Standard Form equation for circle: (x-h)^2 + (y-k)^2 =r^2
where center = (h,k) and r =radius
Find the standard form of the equation for the circle:
x^2 -10x +y^2 + 6y = -9
2007-01-29 11:32:15 · 4 answers · asked by jenny 6 in Science & Mathematics ➔ Mathematics
Complete the square.
x² - 10x + y² + 6y = -9
(x² - 10x +25) + (y² + 6y + 9) = -9 + 25 + 9
(x - 5)² + (y + 3)² = 25
It is a circle with center (5,-3) and radius 5.

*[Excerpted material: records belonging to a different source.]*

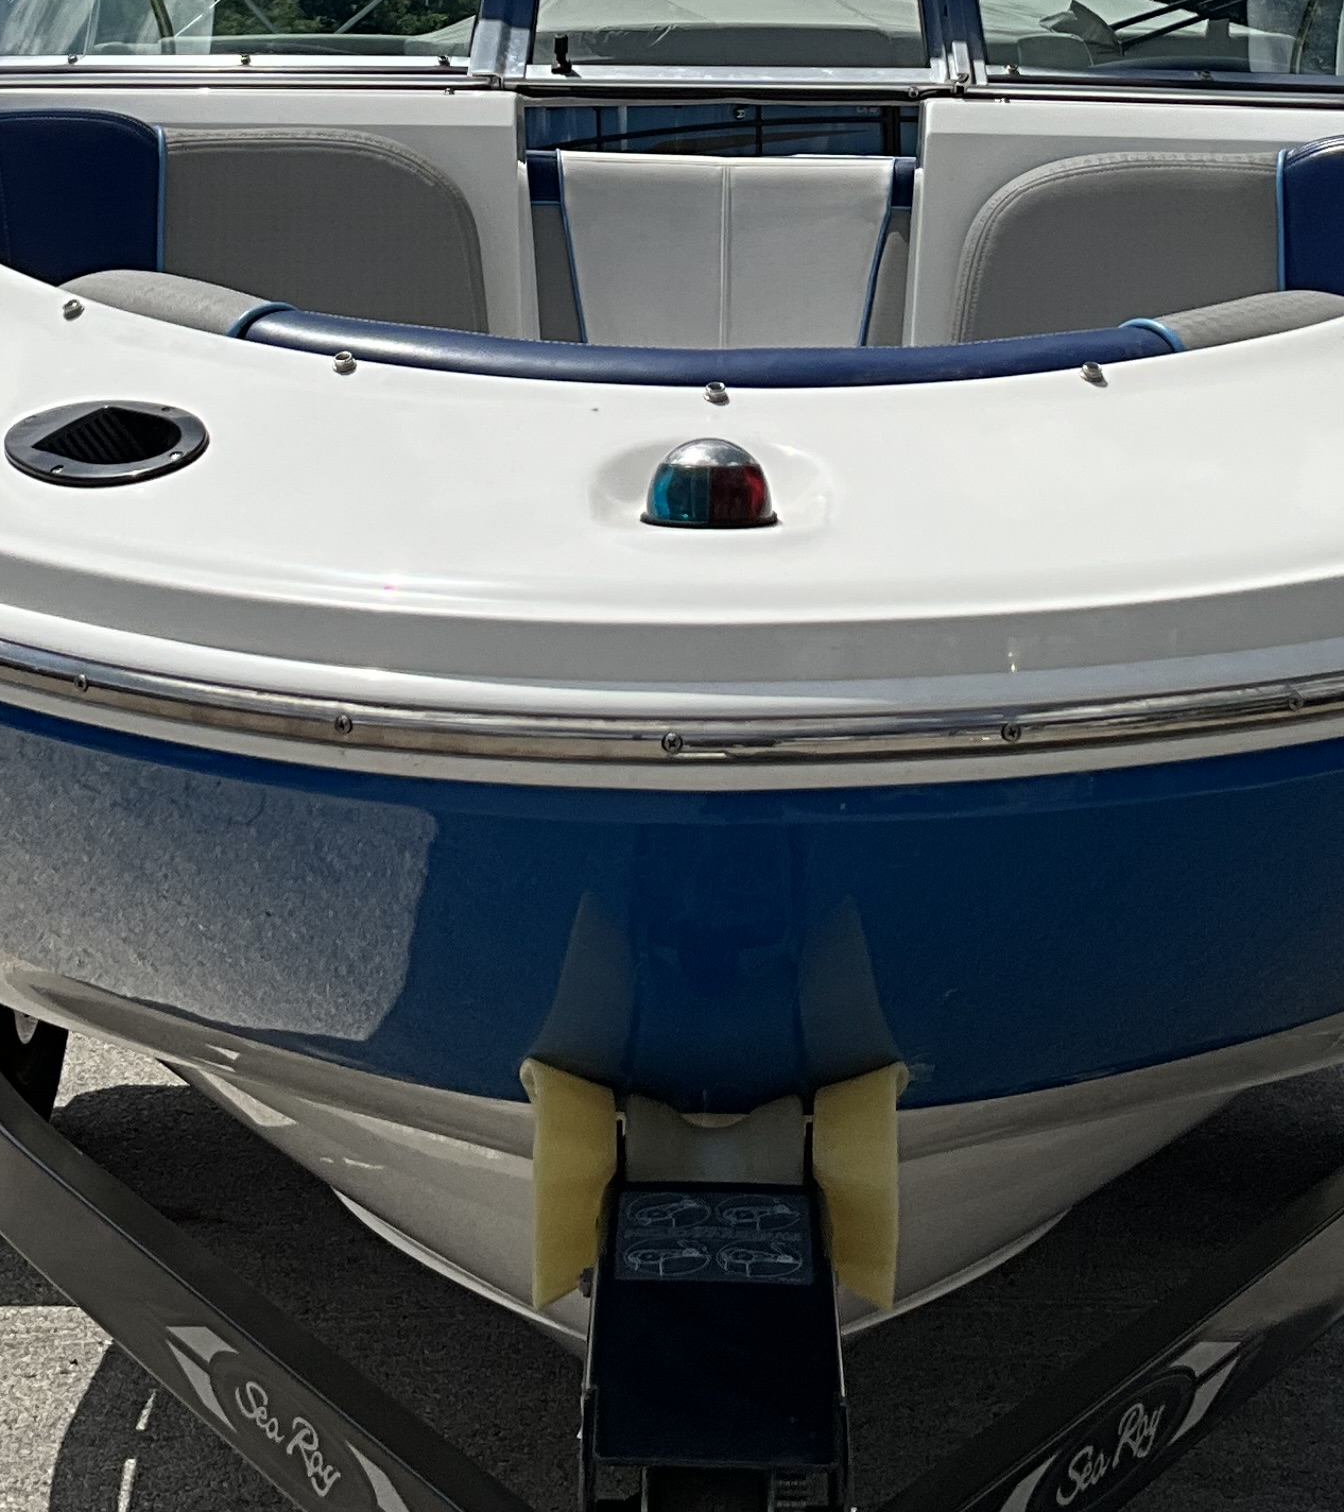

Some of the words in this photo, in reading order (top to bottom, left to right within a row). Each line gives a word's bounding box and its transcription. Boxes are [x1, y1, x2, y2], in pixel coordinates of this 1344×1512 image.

[235, 1381, 285, 1443] Sea
[286, 1416, 341, 1497] Ray
[1056, 1445, 1110, 1506] Sea
[1112, 1402, 1166, 1470] Ray
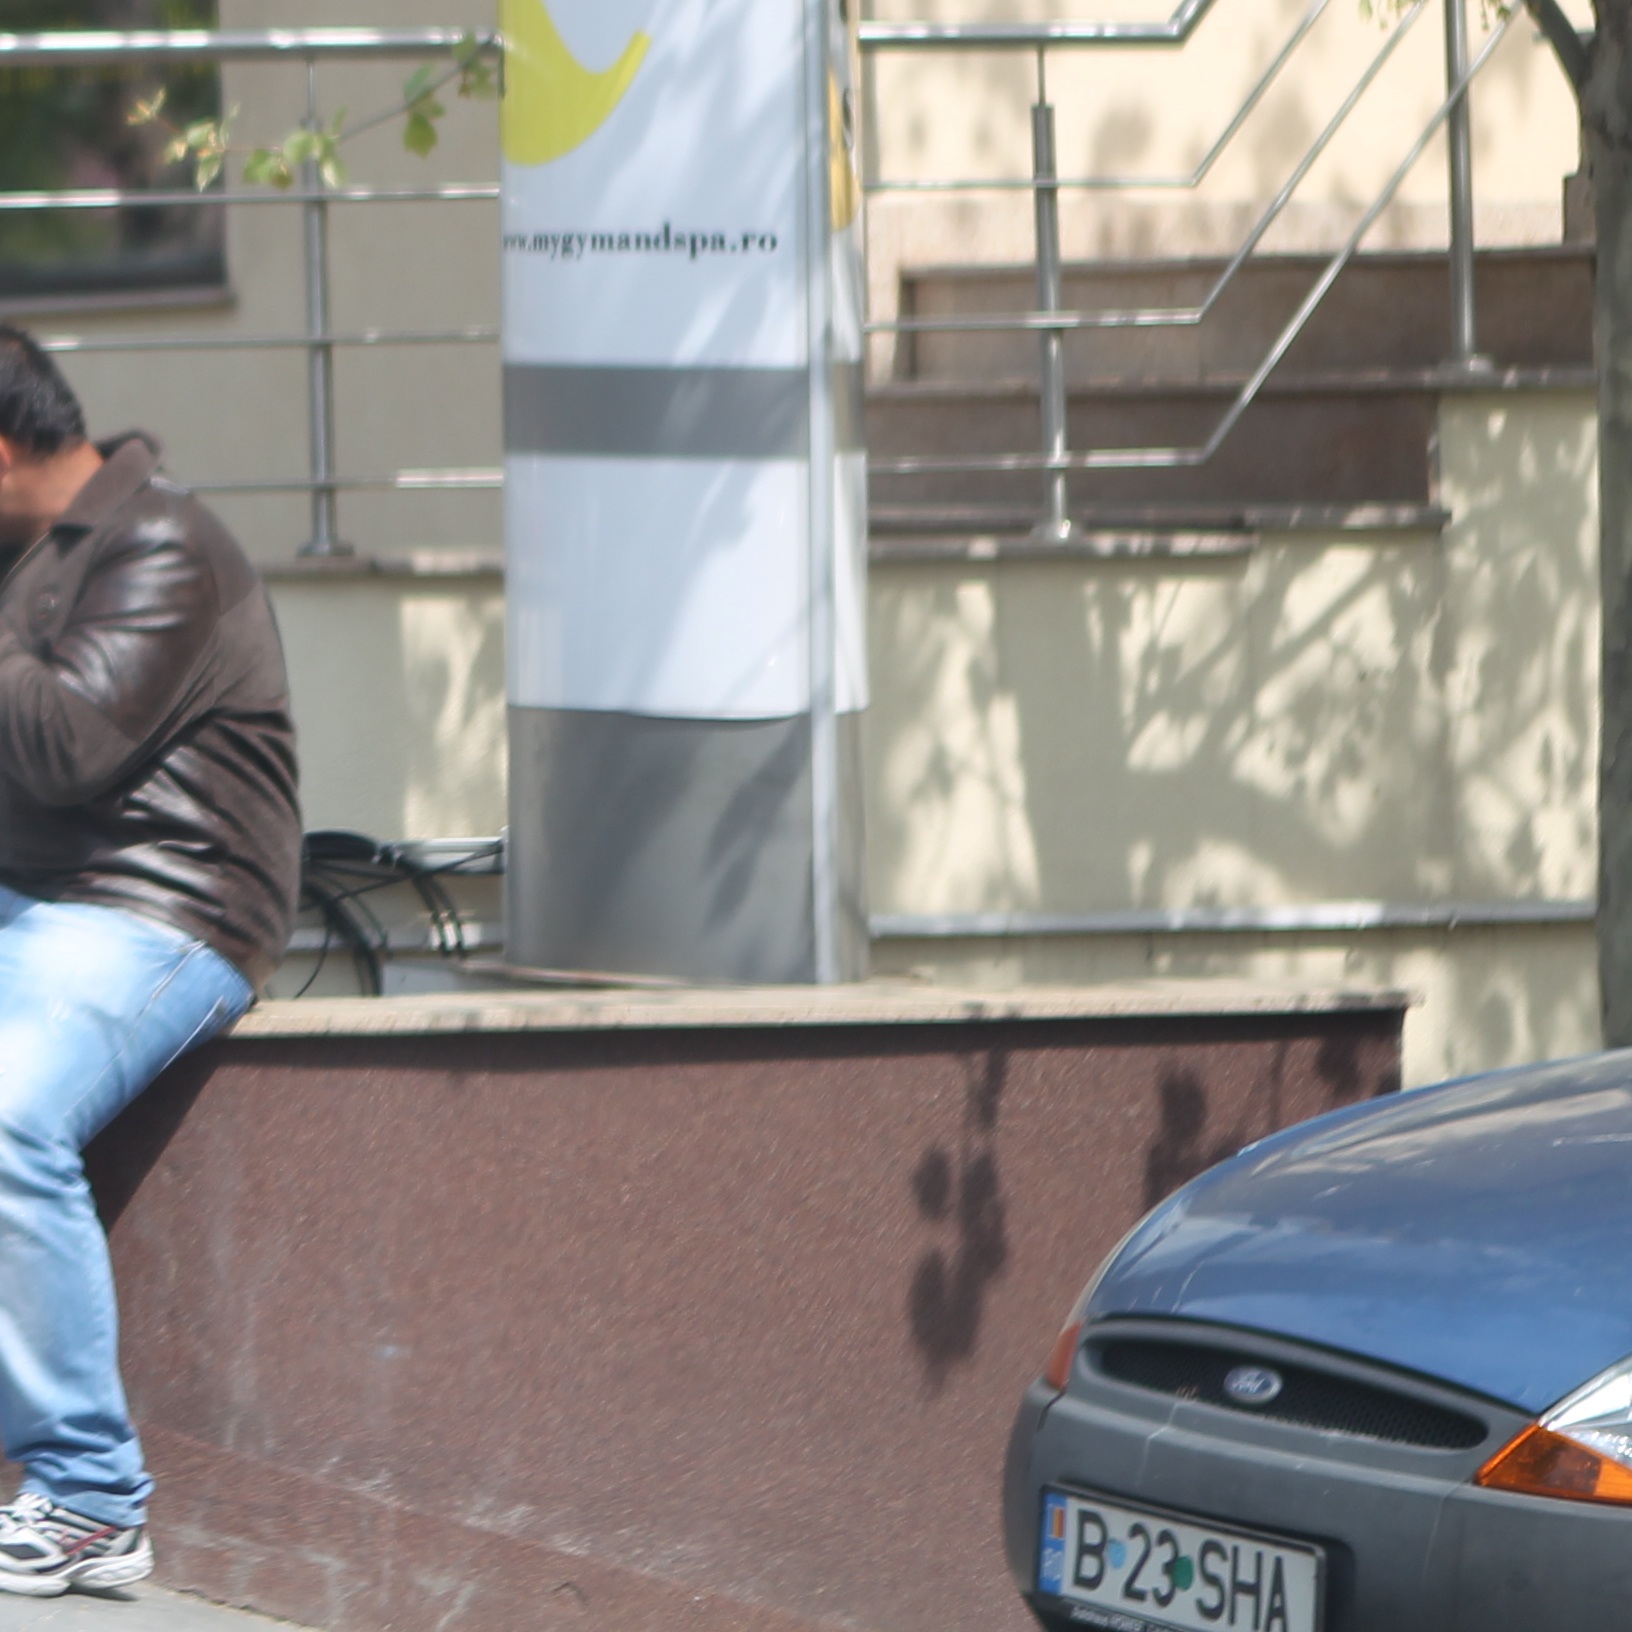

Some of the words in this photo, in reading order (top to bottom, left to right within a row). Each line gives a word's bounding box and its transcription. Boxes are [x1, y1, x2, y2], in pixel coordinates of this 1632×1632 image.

[1074, 1508, 1108, 1590] B
[1123, 1522, 1180, 1607] 23
[1196, 1539, 1287, 1632] SHA

2007-01-29 11:36:44 · answer #1 · answered by Northstar 7 · 2⤊ 0⤋
Complete the square
x^2 - 10x + (10/2)^2 + y^2 + 6y + (6/2)^2 = -9 + (10/2)^2 + (6/2)^2
x^2 - 10x + 25 + y^2 + 6y + 9 = -9 + 25 + 9
(x-5)^2 + (y+3)^2 = 25
(h,k) = (5,-3)
r = 5
2007-01-29 19:38:48 · answer #2 · answered by MsMath 7 · 1⤊ 1⤋
x2-10x+25+y2+6y+9=-9+25+9
(x-5)2+(y+3)2=25
2007-01-29 19:38:22 · answer #3 · answered by MS32291 4 · 1⤊ 0⤋
Addition to Northstar's answer
(x -5)^2 + (y + 3)^2 = 5^2
and continue
2007-01-29 19:39:50 · answer #4 · answered by Sheen 4 · 1⤊ 0⤋